Task details:
Could you print exactly the lines from the one that contains "this 1600×1067 image." to the end of the data, both ends included, and nothing else? Skip the pictures.
━━━ Data listing ━━━
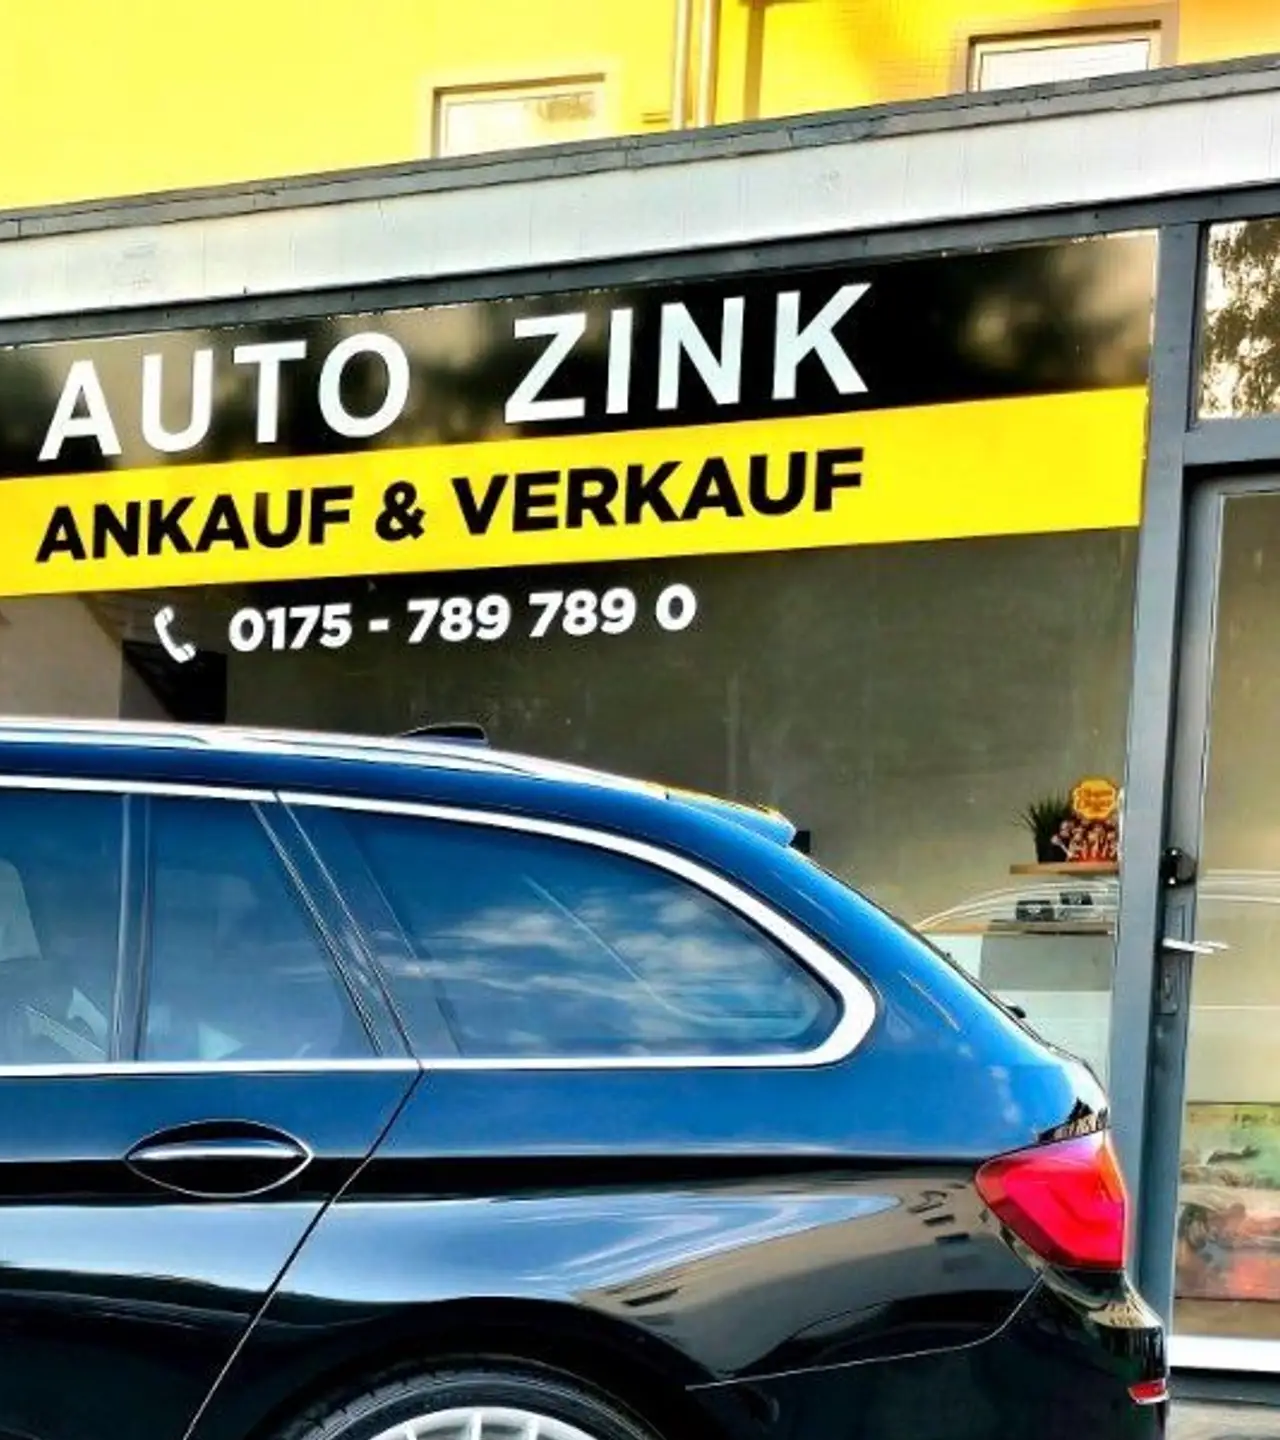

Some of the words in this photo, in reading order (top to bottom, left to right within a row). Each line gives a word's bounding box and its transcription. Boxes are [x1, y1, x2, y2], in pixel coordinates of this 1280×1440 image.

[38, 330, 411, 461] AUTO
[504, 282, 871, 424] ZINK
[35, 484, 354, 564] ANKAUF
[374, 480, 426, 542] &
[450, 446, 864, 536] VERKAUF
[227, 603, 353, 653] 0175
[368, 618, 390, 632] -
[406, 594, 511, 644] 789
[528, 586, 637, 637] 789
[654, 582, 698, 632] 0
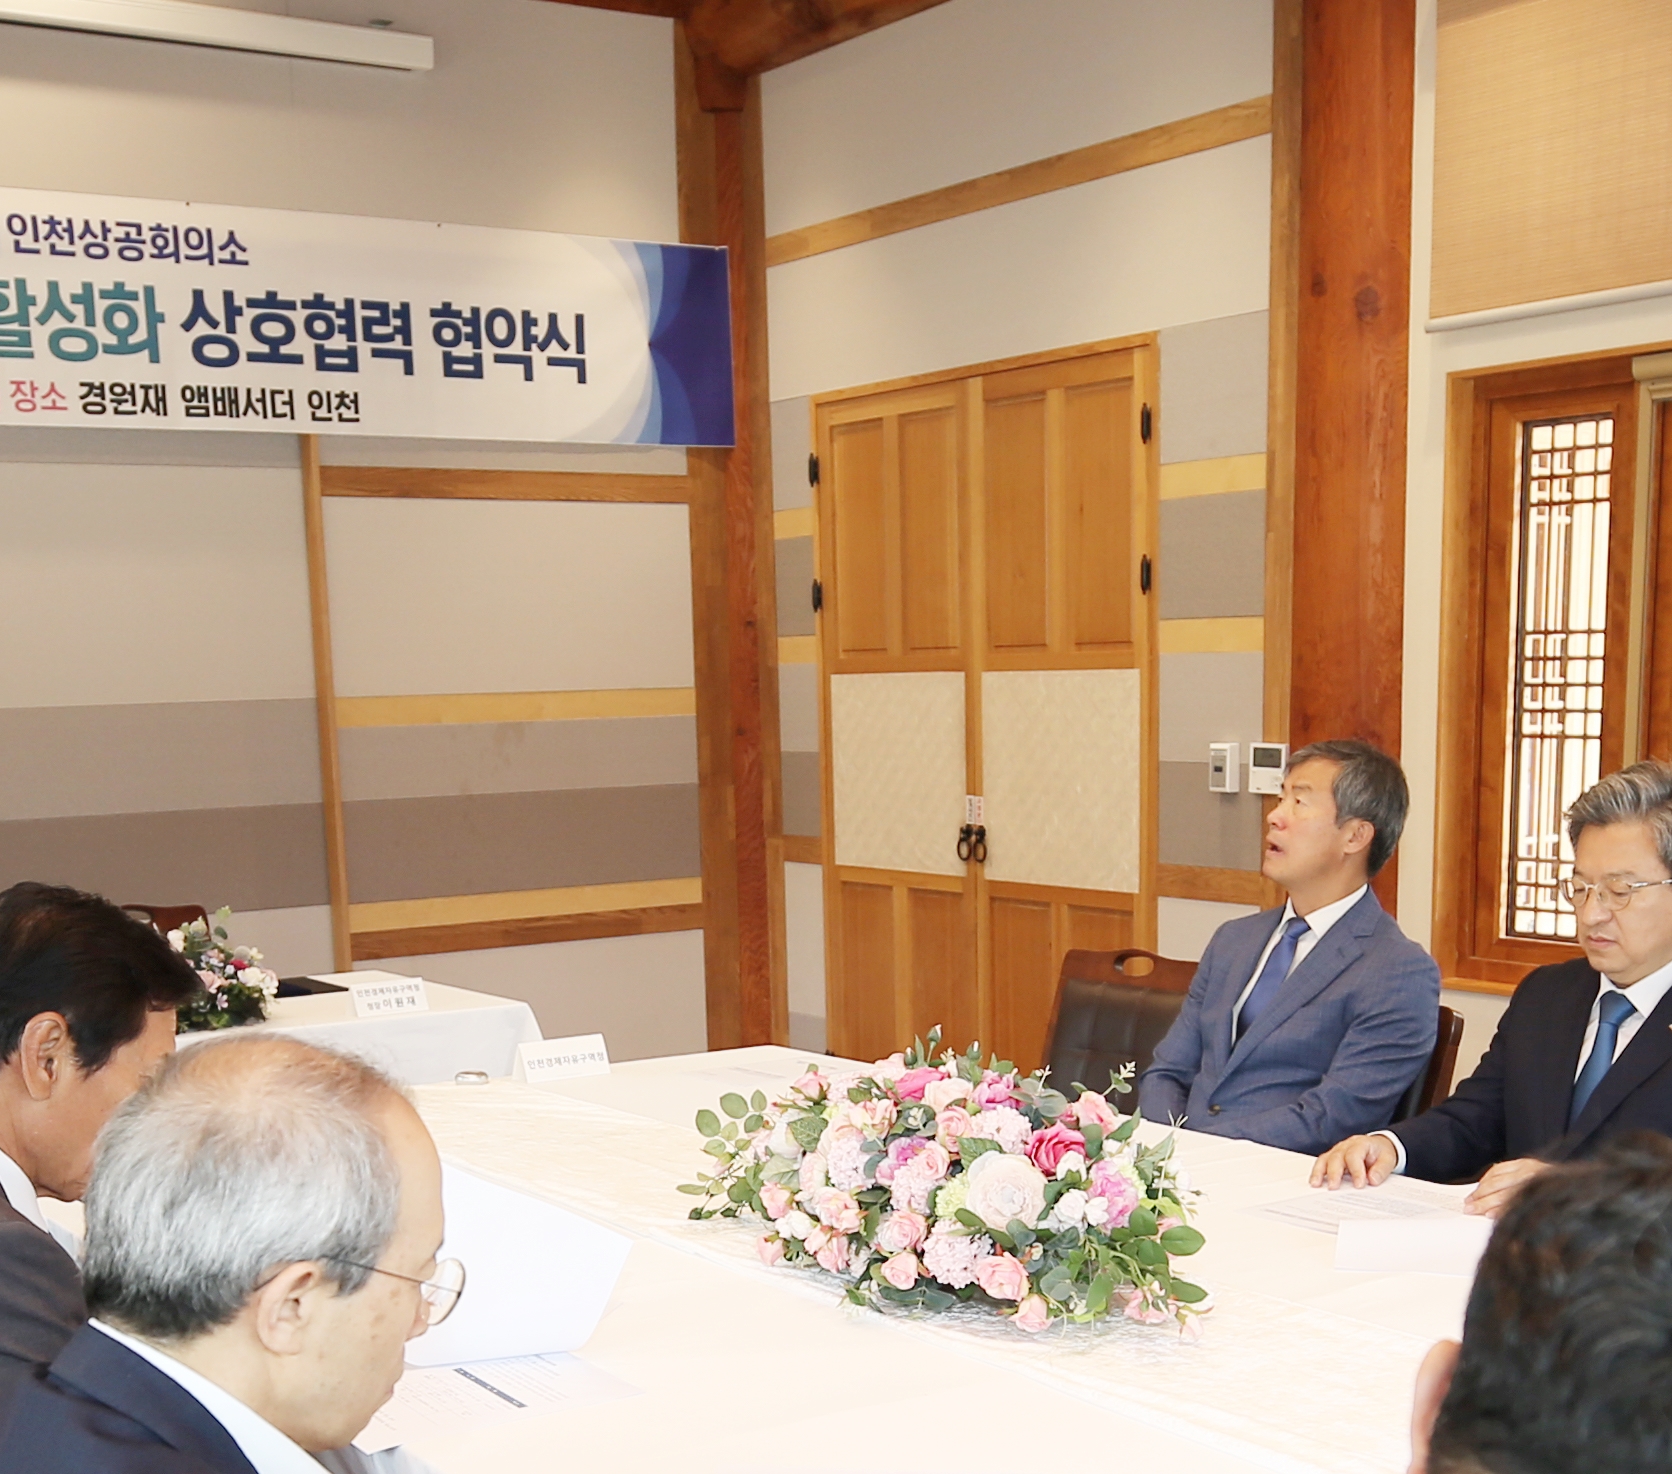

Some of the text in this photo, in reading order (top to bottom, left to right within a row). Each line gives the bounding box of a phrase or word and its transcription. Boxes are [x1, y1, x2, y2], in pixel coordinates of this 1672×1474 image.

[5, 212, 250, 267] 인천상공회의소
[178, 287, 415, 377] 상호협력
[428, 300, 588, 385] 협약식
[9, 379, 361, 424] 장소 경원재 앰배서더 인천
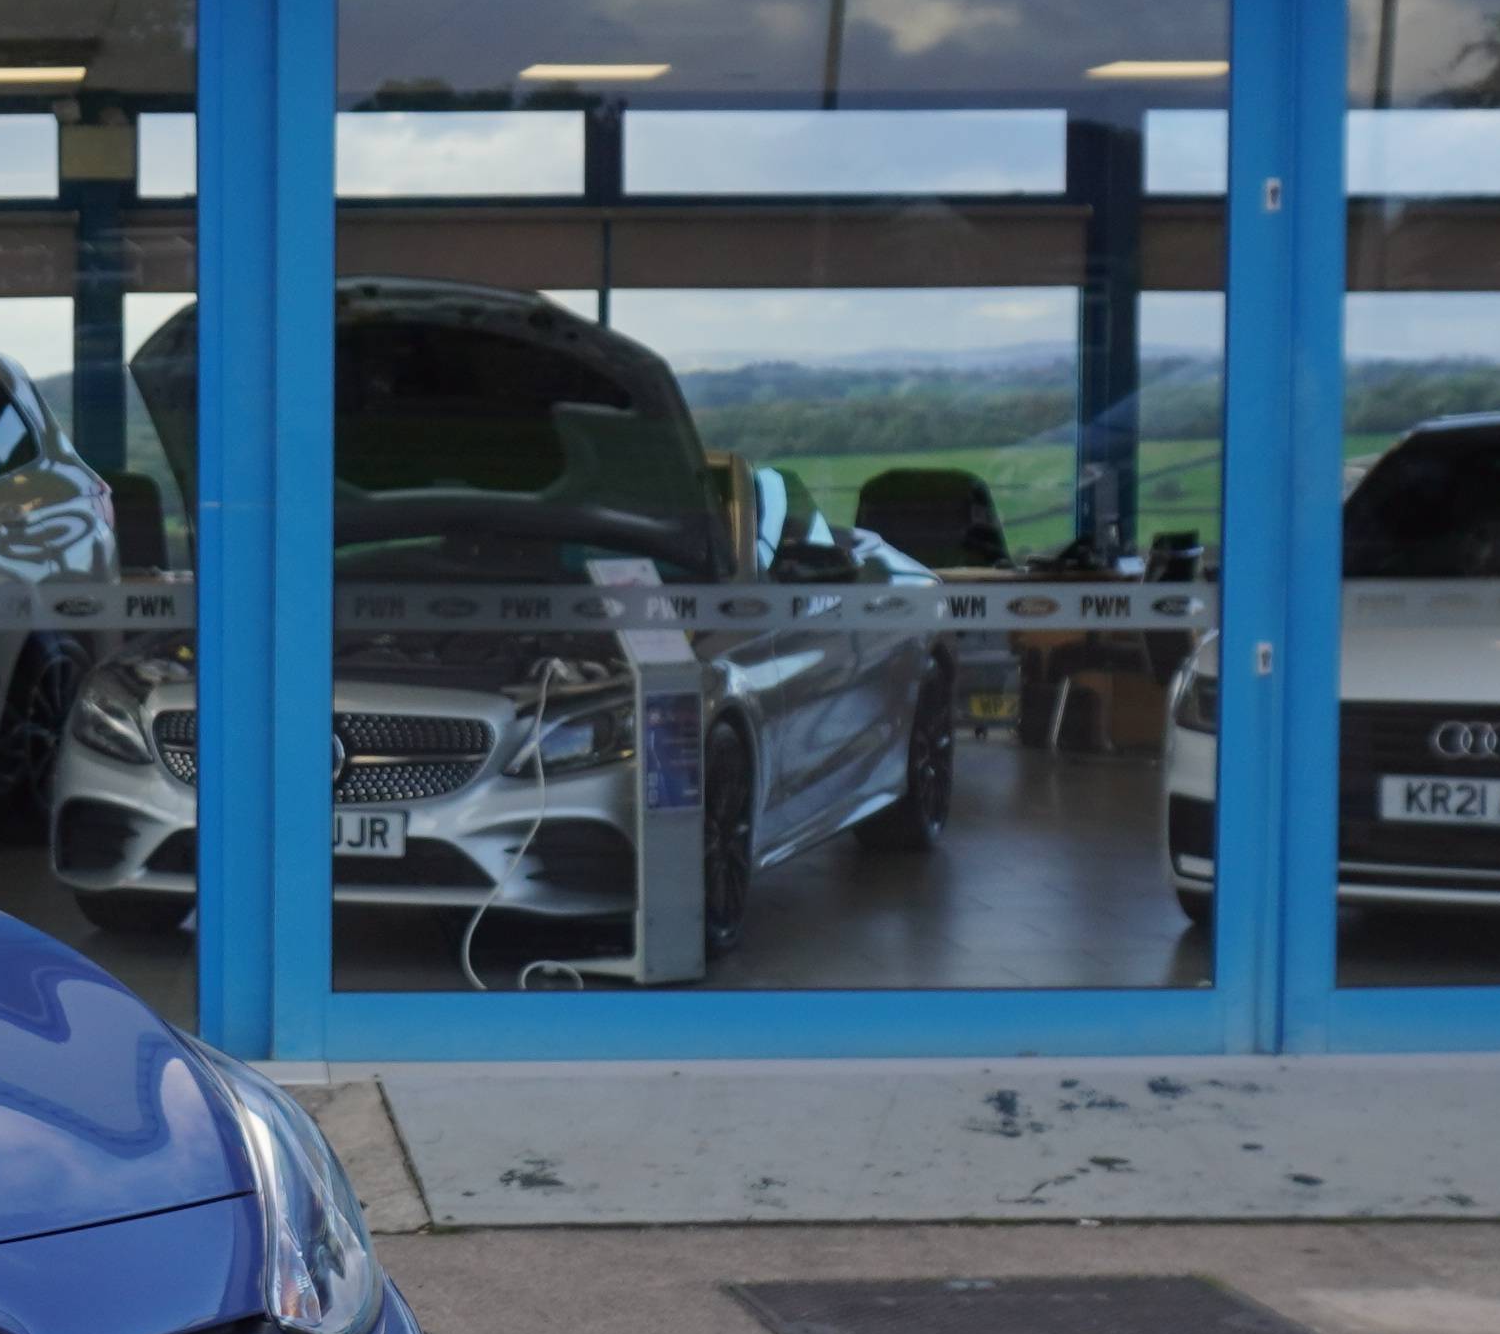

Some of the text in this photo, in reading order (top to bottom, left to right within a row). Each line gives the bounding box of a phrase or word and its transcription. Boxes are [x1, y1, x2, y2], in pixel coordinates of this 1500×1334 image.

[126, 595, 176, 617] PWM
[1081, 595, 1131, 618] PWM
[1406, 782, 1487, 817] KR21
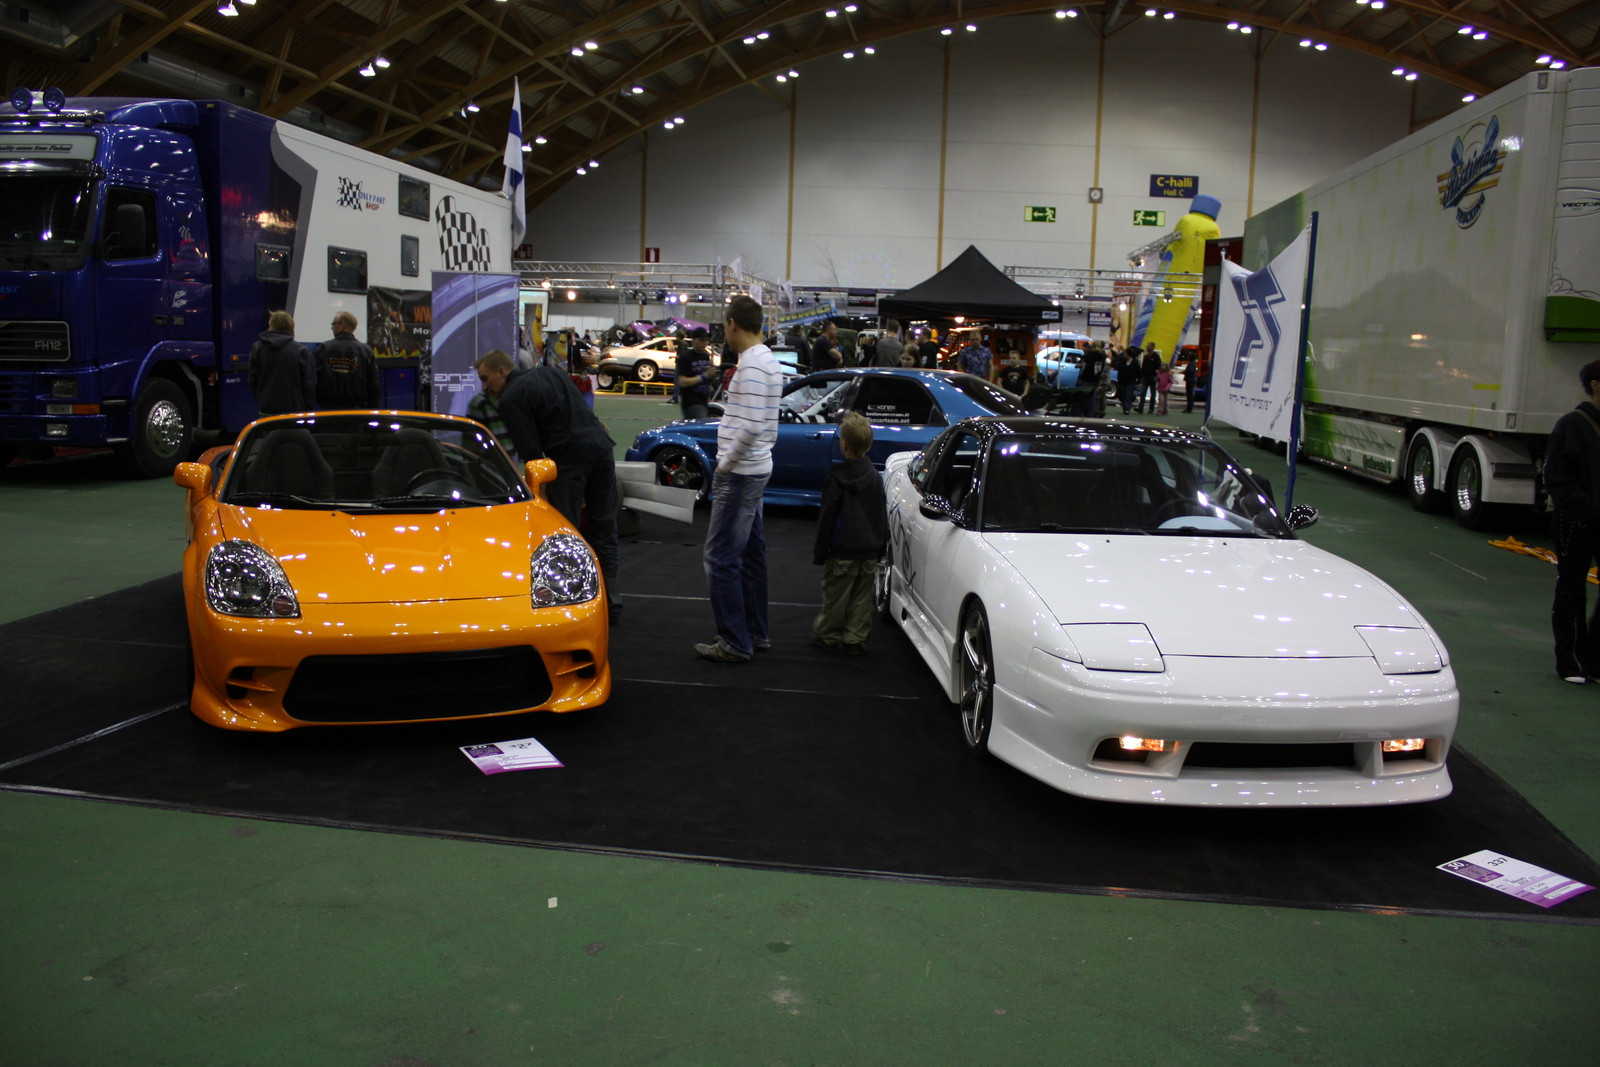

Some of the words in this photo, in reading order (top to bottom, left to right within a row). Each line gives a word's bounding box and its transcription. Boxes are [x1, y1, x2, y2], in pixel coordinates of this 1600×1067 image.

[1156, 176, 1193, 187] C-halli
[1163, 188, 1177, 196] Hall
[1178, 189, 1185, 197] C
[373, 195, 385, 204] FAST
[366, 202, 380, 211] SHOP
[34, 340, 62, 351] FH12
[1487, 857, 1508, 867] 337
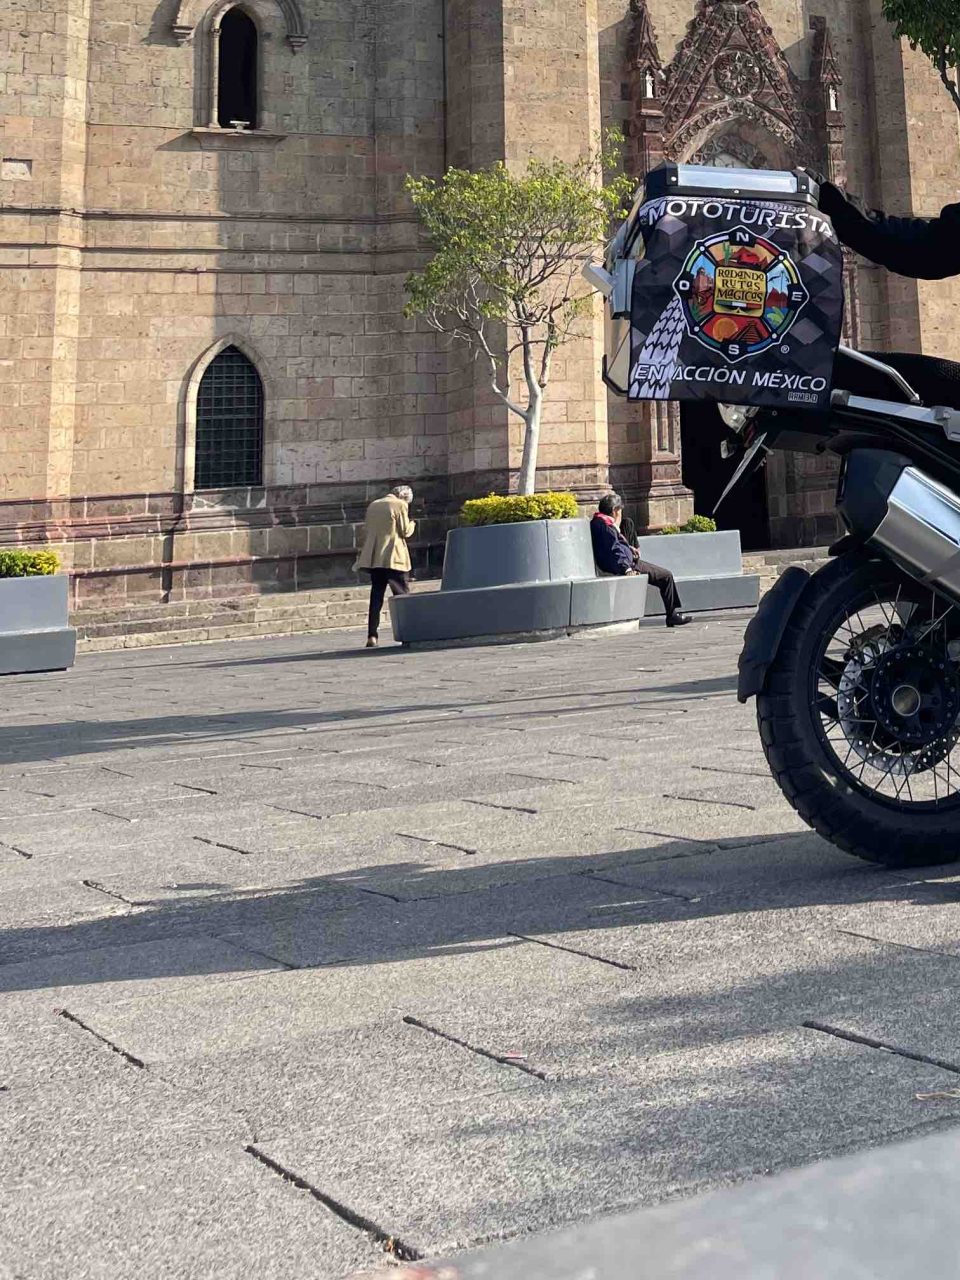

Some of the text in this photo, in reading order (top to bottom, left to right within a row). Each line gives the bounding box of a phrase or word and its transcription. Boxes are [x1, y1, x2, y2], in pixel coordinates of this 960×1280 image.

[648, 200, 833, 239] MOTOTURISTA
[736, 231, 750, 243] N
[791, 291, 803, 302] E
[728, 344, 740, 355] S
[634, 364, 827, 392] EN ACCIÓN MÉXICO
━━━
Finished task:
Some of the words in this photo, in reading order (top to bottom, left to right within a row). Each line gives a word's bounding box and its transcription. Boxes are [x1, y1, x2, y2], in pixel coordinates of this 1600×1067 image.

[1156, 176, 1193, 187] C-halli
[1163, 188, 1177, 196] Hall
[1178, 189, 1185, 197] C
[373, 195, 385, 204] FAST
[366, 202, 380, 211] SHOP
[34, 340, 62, 351] FH12
[1487, 857, 1508, 867] 337

Some of the text in this photo, in reading order (top to bottom, left to right within a row). Each line gives the bounding box of a phrase or word and its transcription. Boxes are [x1, y1, x2, y2], in pixel coordinates of this 960×1280 image.

[648, 200, 833, 239] MOTOTURISTA
[736, 231, 750, 243] N
[791, 291, 803, 302] E
[728, 344, 740, 355] S
[634, 364, 827, 392] EN ACCIÓN MÉXICO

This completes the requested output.